SmartScanSdk is an Android library that powers the SmartScan app, providing tools for:

  • On-device ML inference
  • Semantic search
  • Indexing
  • Embedding storage
  • Incremental clustering
  • ANN Search / HNSW Index
  • Few shot classification
  • Image & video processing
  • Efficient batch processing
  • Model management

Note: The SDK is designed to be flexible, but its primary use is for the SmartScan app and other apps I am developing. It is also subject to rapid experimental changes.


Installation

Add the JitPack repository to your build file (settings.gradle)
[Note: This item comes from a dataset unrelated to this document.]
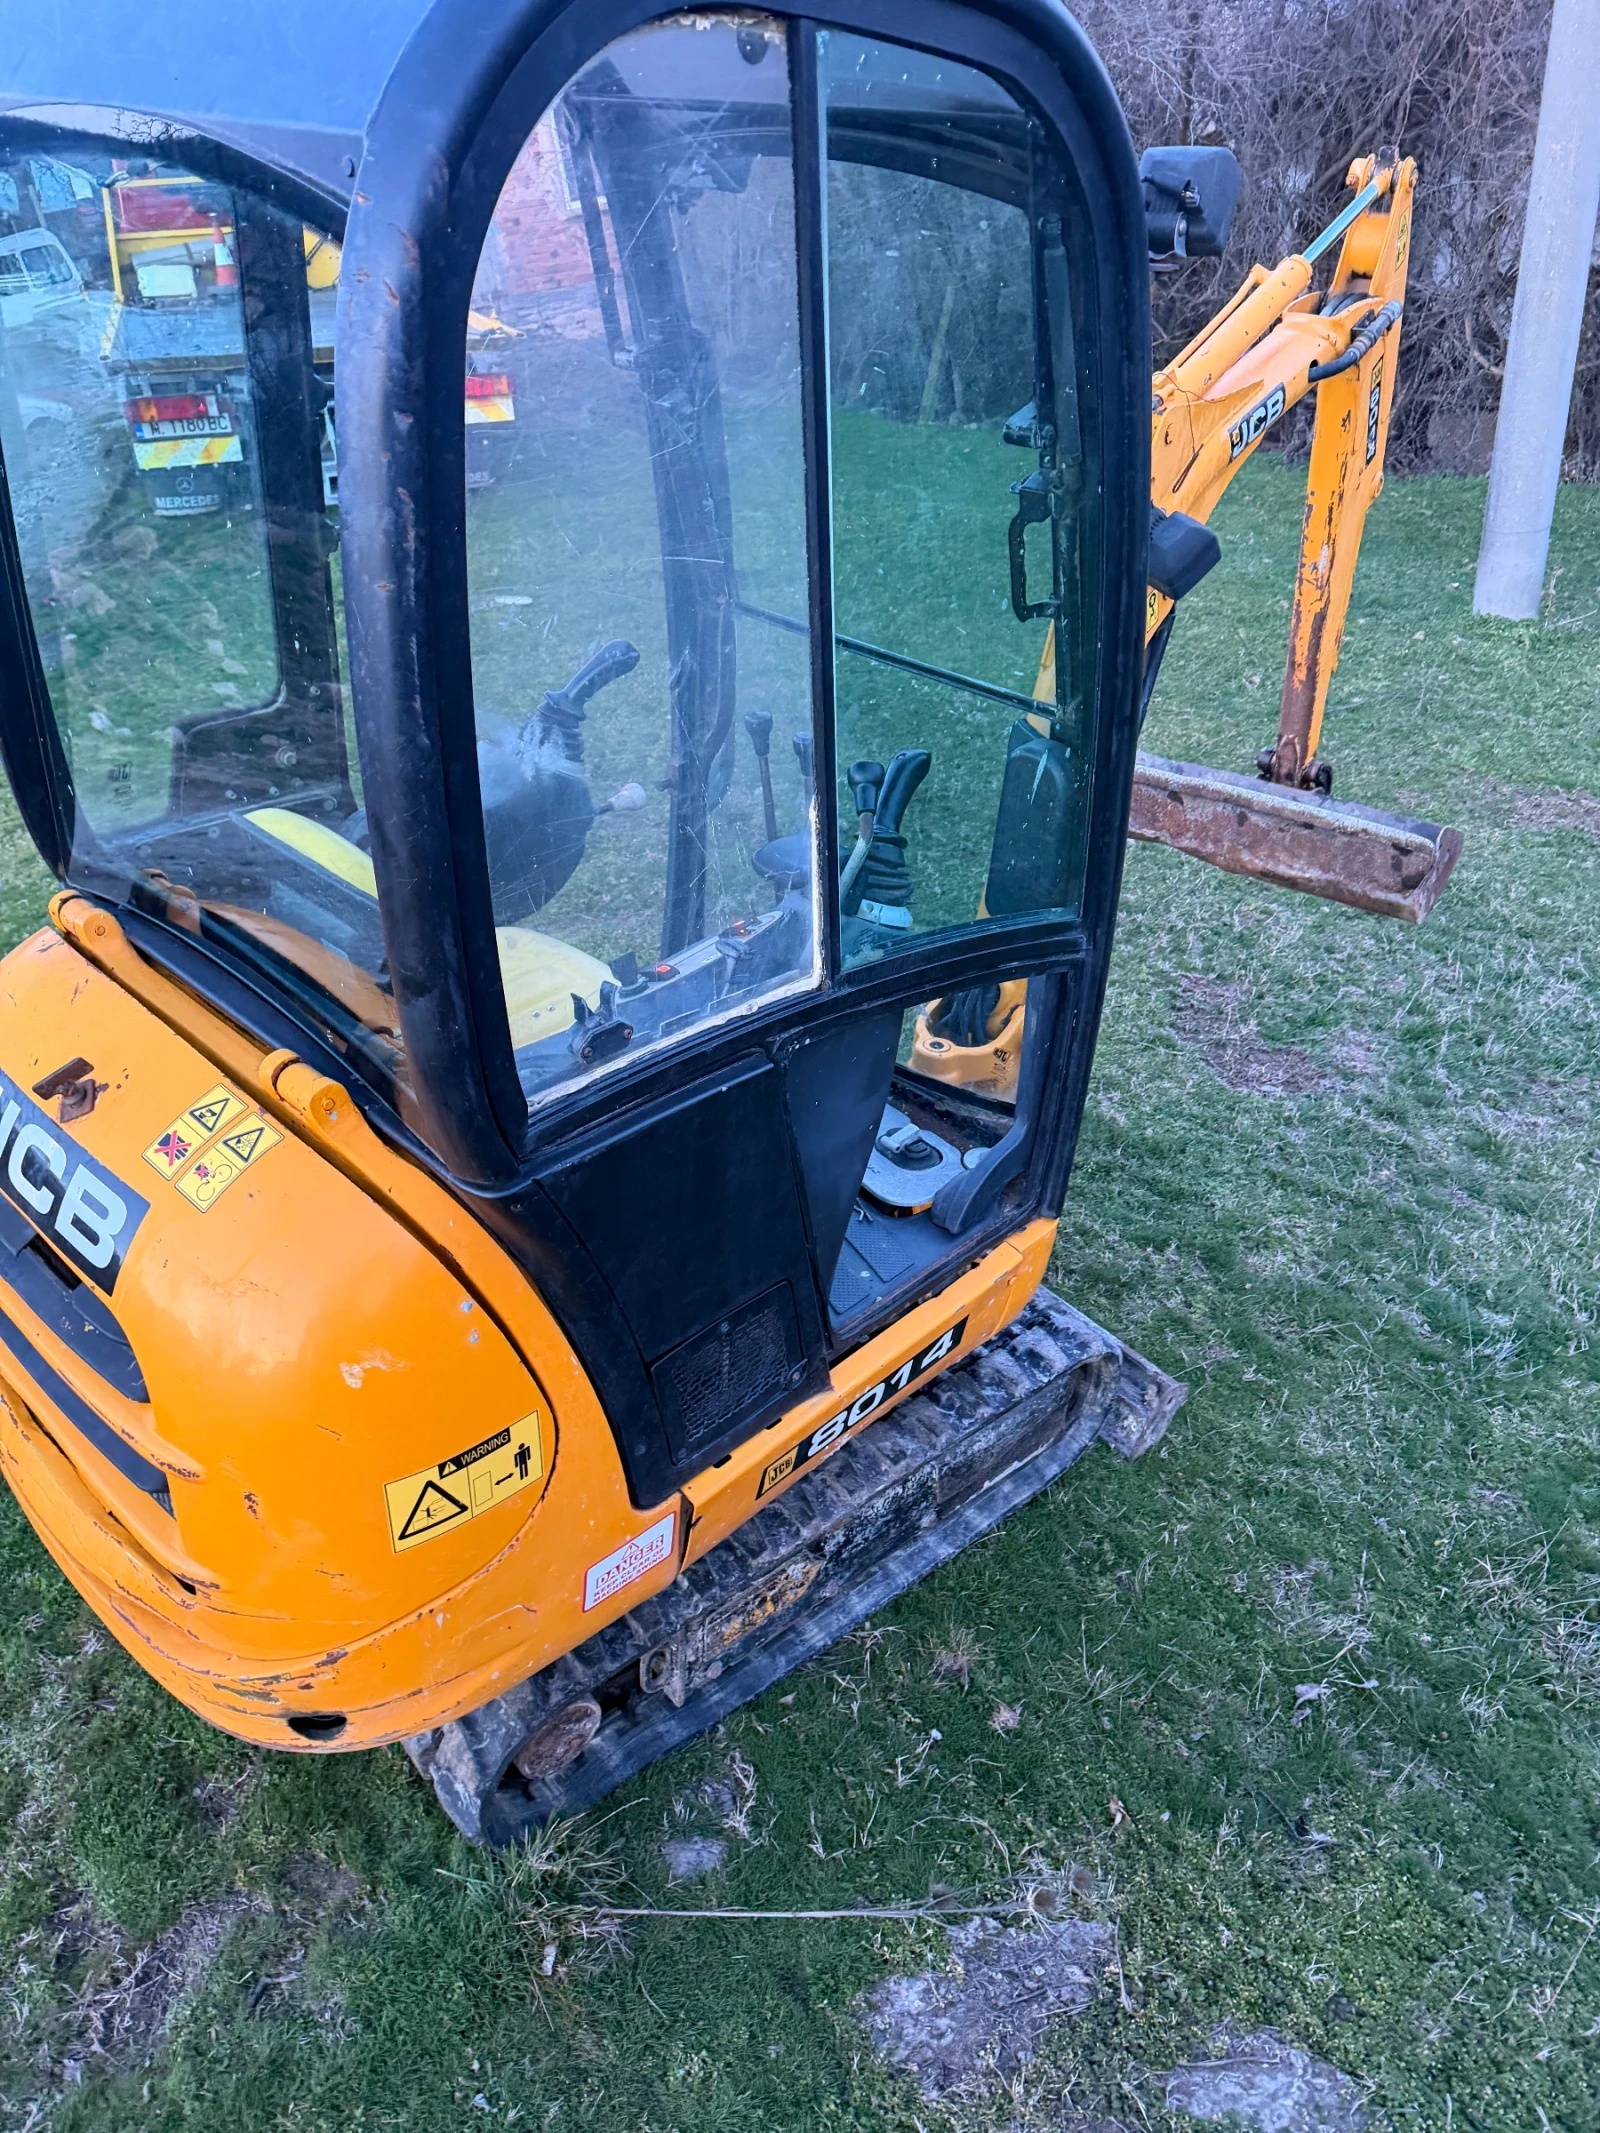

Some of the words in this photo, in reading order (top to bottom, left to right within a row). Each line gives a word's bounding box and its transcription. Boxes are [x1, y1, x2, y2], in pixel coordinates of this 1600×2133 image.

dependencyResolutionManagement {
    repositoriesMode.set(RepositoriesMode.FAIL_ON_PROJECT_REPOS)
    repositories {
        mavenCentral()
        maven { url = uri("https://jitpack.io") }
    }
}

1. Install Core Module

implementation 'com.github.smartscanapp.smartscan-android-lib:smartscan-core:${smartscanVersion}'

2. Install ML Module (Optional)

implementation 'com.github.smartscanapp.smartscan-android-lib:smartscan-ml:${smartscanVersion}'

ml depends on core, so including it is enough if you need both.


Quick Start

Below is information on how to get started with embedding, clustering, indexing, and searching.

Embeddings

You can use bundled or downloaded models, see docs for more details.

Text Embeddings

Generate vector embeddings from text strings or batches of text for tasks such as semantic search or similarity comparison.

Usage Example:

//import com.fpf.smartscansdk.ml.models.providers.embeddings.clip.ClipTextEmbedder

// downloaded model
val textEmbedder = ModelManager.getTextEmbedder(application, ModelName.ALL_MINILM_L6_V2)

// bundled model
val textEmbedder = ClipTextEmbedder(application, ModelAssetSource.Resource(R.raw.clip_text_encoder_quant), vocabSource = ModelAssetSource.Resource(R.raw.vocab), mergesSource = ModelAssetSource.Resource(R.raw.merges))
val text = "Hello smartscan"
val embedding = textEmbedder.embed(text)

Batch Example:

Specifically designed for large batches

val texts = listOf("first sentence", "second sentence")
val embeddings = embedBatch(context, textEmbedder, texts)

Image Embeddings

Generate vector embeddings from images (as Bitmap) for visual search or similarity tasks.

Usage Example

//import com.fpf.smartscansdk.ml.models.providers.embeddings.clip.ClipImageEmbedder

// downloaded model
val imageEmbedder = ModelManager.getImageEmbedder(application, ModelName.DINOV2_SMALL)

// bundled model
val imageEmbedder = ClipImageEmbedder(application, ModelAssetSource.Resource(R.raw.clip_image_encoder_quant))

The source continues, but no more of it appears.